___ TASK INPUTS ___
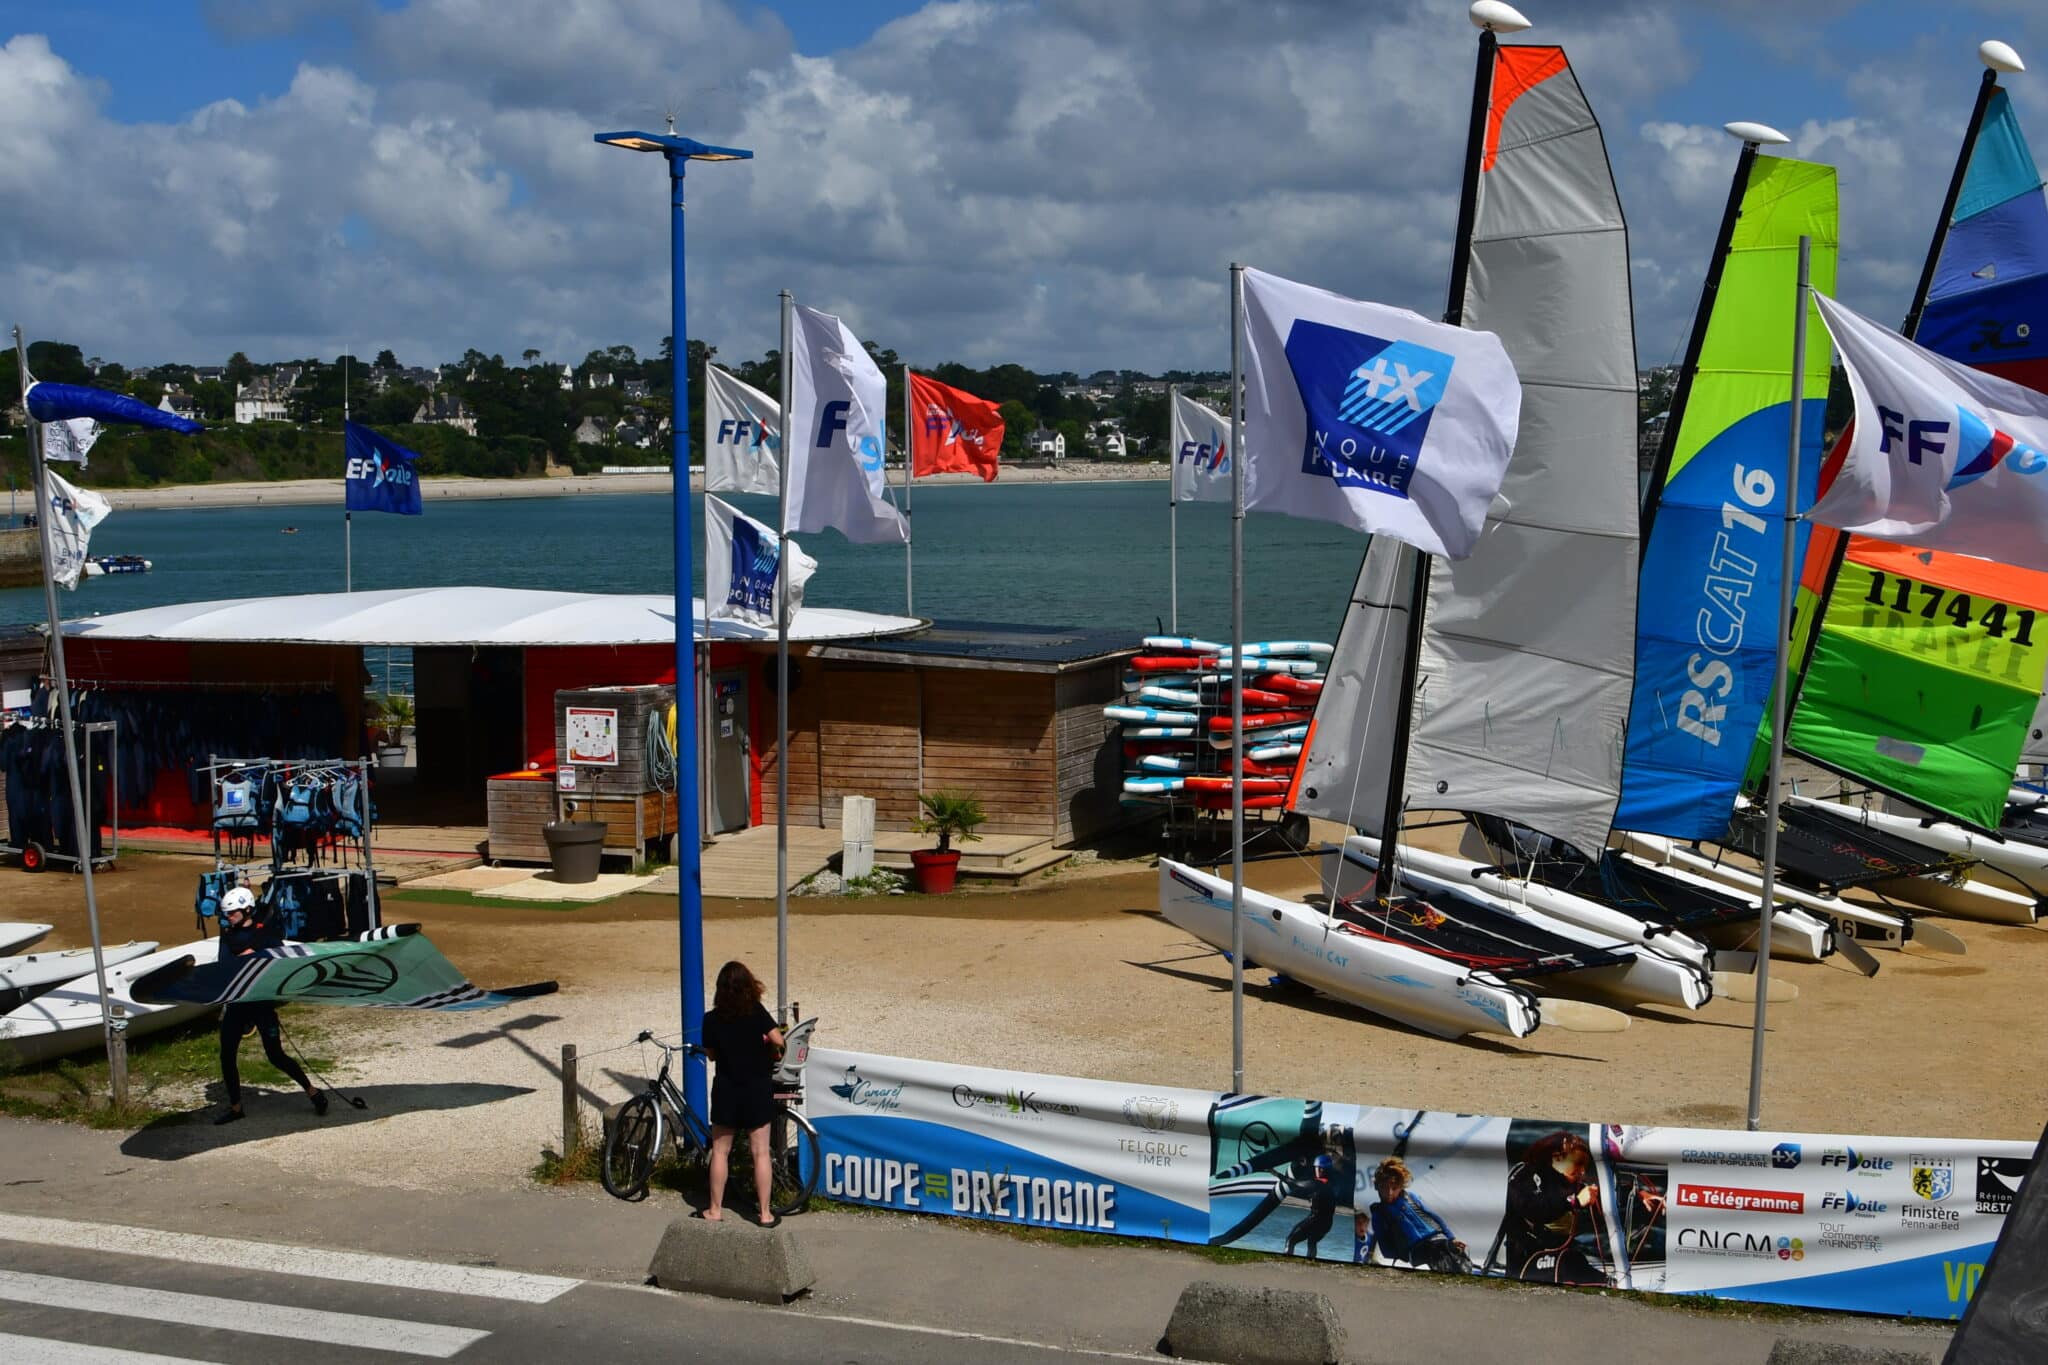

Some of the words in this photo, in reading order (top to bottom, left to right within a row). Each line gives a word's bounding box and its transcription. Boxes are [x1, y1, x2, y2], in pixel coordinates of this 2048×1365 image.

[1314, 430, 1409, 470] NQUE
[1864, 570, 2036, 647] 117441
[1118, 1138, 1189, 1158] TELGRUC
[1682, 1150, 1726, 1160] GRAND
[1728, 1152, 1769, 1161] OUEST
[1720, 1159, 1768, 1168] POPULAIRE
[825, 1152, 921, 1206] COUPE
[951, 1167, 1116, 1229] BRETAGNE
[1680, 1188, 1699, 1203] Le
[1702, 1189, 1800, 1211] Télégramme
[1979, 1191, 2013, 1201] Région
[1901, 1204, 1960, 1222] Finistère
[1819, 1222, 1847, 1233] TOUT
[1901, 1219, 1960, 1232] Penn-ar-Bed
[1678, 1228, 1772, 1252] CNCM
[1822, 1231, 1881, 1242] commence
___
**WHAT YOU SHOULD DO:** Each entry above should be returned exactly as written, minus its pictures.

**WRITTEN RESPONSE:**
Some of the words in this photo, in reading order (top to bottom, left to right within a row). Each line gives a word's bounding box and its transcription. Boxes are [x1, y1, x2, y2], in pixel coordinates of this 2048×1365 image.

[1314, 430, 1409, 470] NQUE
[1864, 570, 2036, 647] 117441
[1118, 1138, 1189, 1158] TELGRUC
[1682, 1150, 1726, 1160] GRAND
[1728, 1152, 1769, 1161] OUEST
[1720, 1159, 1768, 1168] POPULAIRE
[825, 1152, 921, 1206] COUPE
[951, 1167, 1116, 1229] BRETAGNE
[1680, 1188, 1699, 1203] Le
[1702, 1189, 1800, 1211] Télégramme
[1979, 1191, 2013, 1201] Région
[1901, 1204, 1960, 1222] Finistère
[1819, 1222, 1847, 1233] TOUT
[1901, 1219, 1960, 1232] Penn-ar-Bed
[1678, 1228, 1772, 1252] CNCM
[1822, 1231, 1881, 1242] commence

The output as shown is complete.